Merci Monsieur!

Or donc, je m’étais promis; voir je vous avais promis, de ne plus parler de notre bonne République! Beaucoup (voir beaucoup trop ) de monde s’en charge. Et puis il faut savoir tourner la page…

Mais je dois absolument faire une exception (soyons honnêtes, et disons que c’est la première…).Chacun connait Genève. Son jet d’eau, ses banques, sa circulation, Roger-Pinnochio-Deneys, Eric Stauffer et quelques autres (pas de panique, les deux nommés ont a voir avec ce papier!) Et surtout, surtout, la capacité immense et remarquable, qu’ont les Genevois, les vrais de vrais, d’être absolument incapable de dire merci. Et je vous prie de croire que je sais de quoi je parle!

Venir donc, Monsieur, vous dire un vrai grand Merci. Vous avez été le Capitaine d’un bateau ivre, vous avez dirigé l’institution la plus mal connue, la moins aimée ( et pour cause…) de ce Canton. Vous avez tenu 24 heures par jour et 365 jours par année, un lieu que tout le monde abhorre, car ou y retrouve que des parias. Vous avez géré la promiscuité, les conflits ethniques, les fantasmes de ceux qui ne connaissaient pas ( il y a “au moins” 3 menus différents). Vous avez écouté les histoires les plus sordides des uns et des autres, vous avez dû trancher, punir, protéger et défendre. Vos collaborateurs comme vos “clients”. Et vous l’avez toujours fait avec humanité. Vous avez été en butte aux tracas administratifs, aux directives de plus en plus absconnes  (sans fautes d’orthographe). Et pour vous faire boire la coupe jusqu’à la lie, on vous a demandé de faire les enquêtes administratives de ceux de vos collaborateurs qui vous ont soutenu publiquement un matin…
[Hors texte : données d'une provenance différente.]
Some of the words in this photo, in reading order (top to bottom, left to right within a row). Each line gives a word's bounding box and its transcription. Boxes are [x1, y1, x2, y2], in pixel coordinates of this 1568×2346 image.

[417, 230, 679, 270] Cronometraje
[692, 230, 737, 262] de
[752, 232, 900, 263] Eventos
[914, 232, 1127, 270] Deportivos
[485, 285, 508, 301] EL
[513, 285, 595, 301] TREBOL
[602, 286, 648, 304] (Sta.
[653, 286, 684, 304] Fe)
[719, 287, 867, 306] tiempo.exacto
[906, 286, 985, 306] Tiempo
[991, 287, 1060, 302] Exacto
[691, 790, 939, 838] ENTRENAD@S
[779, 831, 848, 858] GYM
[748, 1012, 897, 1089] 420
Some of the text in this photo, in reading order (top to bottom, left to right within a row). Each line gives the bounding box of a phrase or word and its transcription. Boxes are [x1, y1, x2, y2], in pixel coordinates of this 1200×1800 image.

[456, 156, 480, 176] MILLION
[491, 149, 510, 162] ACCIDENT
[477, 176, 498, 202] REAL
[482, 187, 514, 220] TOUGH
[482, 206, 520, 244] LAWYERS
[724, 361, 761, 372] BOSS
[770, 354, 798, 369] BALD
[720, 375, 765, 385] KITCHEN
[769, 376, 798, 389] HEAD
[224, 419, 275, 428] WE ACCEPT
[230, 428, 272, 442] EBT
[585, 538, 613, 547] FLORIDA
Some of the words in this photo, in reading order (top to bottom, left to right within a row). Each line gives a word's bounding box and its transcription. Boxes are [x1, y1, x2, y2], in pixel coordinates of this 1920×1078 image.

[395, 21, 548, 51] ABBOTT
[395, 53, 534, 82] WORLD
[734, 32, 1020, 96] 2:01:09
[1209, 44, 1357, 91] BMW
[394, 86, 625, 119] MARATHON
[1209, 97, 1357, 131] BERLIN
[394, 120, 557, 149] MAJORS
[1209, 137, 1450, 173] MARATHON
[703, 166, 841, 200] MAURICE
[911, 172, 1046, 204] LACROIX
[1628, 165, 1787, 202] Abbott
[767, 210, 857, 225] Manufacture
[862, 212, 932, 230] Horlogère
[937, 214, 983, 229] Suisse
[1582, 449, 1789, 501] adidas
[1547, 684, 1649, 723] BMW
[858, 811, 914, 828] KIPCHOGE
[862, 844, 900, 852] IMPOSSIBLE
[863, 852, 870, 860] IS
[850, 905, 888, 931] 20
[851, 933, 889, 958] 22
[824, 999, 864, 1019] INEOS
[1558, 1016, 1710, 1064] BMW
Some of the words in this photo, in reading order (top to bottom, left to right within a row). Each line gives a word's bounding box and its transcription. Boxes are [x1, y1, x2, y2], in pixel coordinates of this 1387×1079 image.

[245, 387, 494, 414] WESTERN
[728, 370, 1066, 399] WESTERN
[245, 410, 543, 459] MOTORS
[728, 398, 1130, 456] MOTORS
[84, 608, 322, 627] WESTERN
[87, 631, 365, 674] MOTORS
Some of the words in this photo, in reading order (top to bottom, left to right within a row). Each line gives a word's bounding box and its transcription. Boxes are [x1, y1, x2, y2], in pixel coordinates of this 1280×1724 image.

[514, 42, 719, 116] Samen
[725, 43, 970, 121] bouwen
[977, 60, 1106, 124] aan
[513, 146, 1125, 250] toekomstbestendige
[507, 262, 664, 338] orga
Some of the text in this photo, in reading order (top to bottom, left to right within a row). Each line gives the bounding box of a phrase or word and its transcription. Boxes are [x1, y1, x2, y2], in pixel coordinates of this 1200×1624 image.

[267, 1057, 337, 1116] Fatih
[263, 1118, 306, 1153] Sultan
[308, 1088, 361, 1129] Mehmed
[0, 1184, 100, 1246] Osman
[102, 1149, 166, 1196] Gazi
Vous vous rapprochez de Dieu le Père, et je n’arrive pas a savoir s’il s’agit d’une promotion ou d’un placard doré, comme seul l’Etat sait en avoir!

Cher Constantin, j’ai le souvenir de quelques téléphones tard le soir pour venir faire de la médiation ( avec Eric Stauffer entre autre) auprès de prisonniers qui refusaient de rentrer en cellule. Et vous étiez là, toujours calme. Vous avez dansé sur un volcan très longtemps pour que rien de dramatique n’arrive à Genève. Peu de gens le savent. De tout cela il faut vraiment vous remercier. Et pas seulement qu’un peu.

Ευχαριστώ Constantin ! Et bon vent pour la suite.